--- Records provided Enclosed Below ---
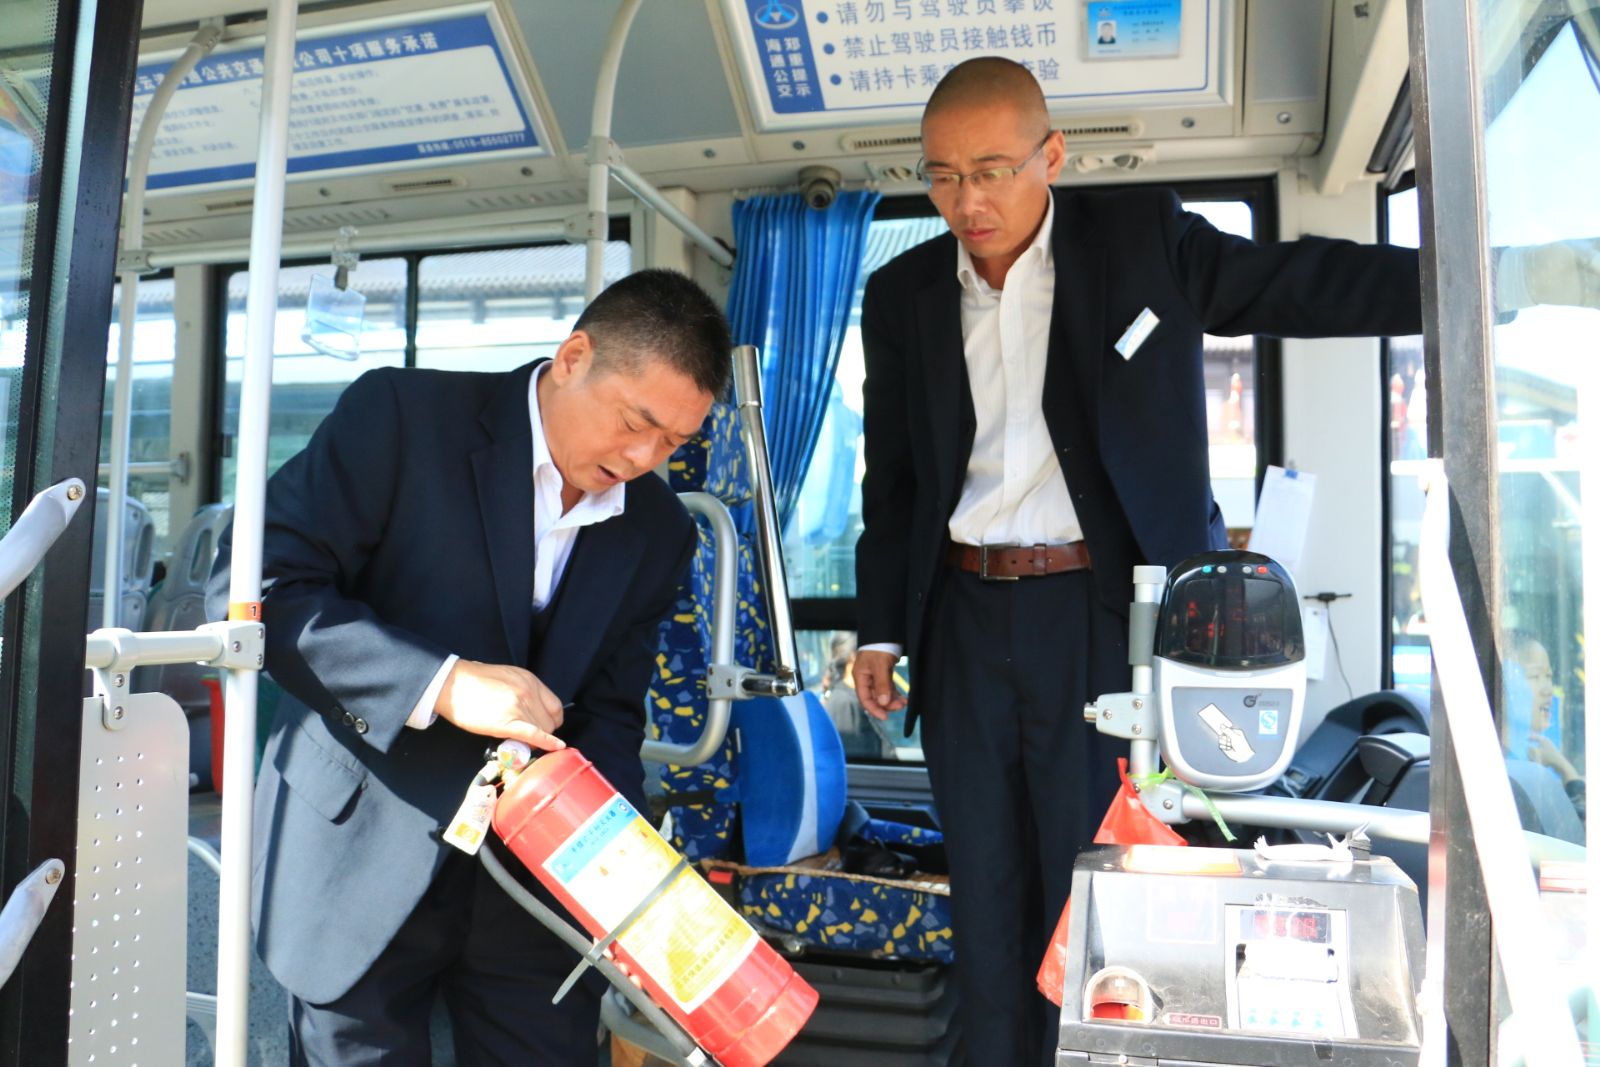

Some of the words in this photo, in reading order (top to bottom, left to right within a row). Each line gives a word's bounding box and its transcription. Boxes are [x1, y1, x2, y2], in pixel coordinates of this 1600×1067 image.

[842, 22, 1057, 59] 禁止驾驶员接触钱币
[765, 38, 793, 98] 海通公交
[784, 36, 812, 97] 郑重提示
[251, 605, 257, 617] 1
--- End of Enclosed Records provided ---
What this task involves:
Exact copy, no pictures: set down all the entries again as they stand.

Completed task:
Some of the words in this photo, in reading order (top to bottom, left to right within a row). Each line gives a word's bounding box and its transcription. Boxes are [x1, y1, x2, y2], in pixel coordinates of this 1600×1067 image.

[842, 22, 1057, 59] 禁止驾驶员接触钱币
[765, 38, 793, 98] 海通公交
[784, 36, 812, 97] 郑重提示
[251, 605, 257, 617] 1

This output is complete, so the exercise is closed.